Your goal: Reply with each record repeated exactly.

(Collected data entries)
##############################
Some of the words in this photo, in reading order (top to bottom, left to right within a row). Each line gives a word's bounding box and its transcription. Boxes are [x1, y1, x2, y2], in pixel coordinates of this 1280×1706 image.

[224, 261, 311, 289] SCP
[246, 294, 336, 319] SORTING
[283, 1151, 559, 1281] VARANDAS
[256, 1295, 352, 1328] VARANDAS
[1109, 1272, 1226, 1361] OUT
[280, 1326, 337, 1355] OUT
##############################
Solved exercise:
Some of the words in this photo, in reading order (top to bottom, left to right within a row). Each line gives a word's bounding box and its transcription. Boxes are [x1, y1, x2, y2], in pixel coordinates of this 1280×1706 image.

[224, 261, 311, 289] SCP
[246, 294, 336, 319] SORTING
[283, 1151, 559, 1281] VARANDAS
[256, 1295, 352, 1328] VARANDAS
[1109, 1272, 1226, 1361] OUT
[280, 1326, 337, 1355] OUT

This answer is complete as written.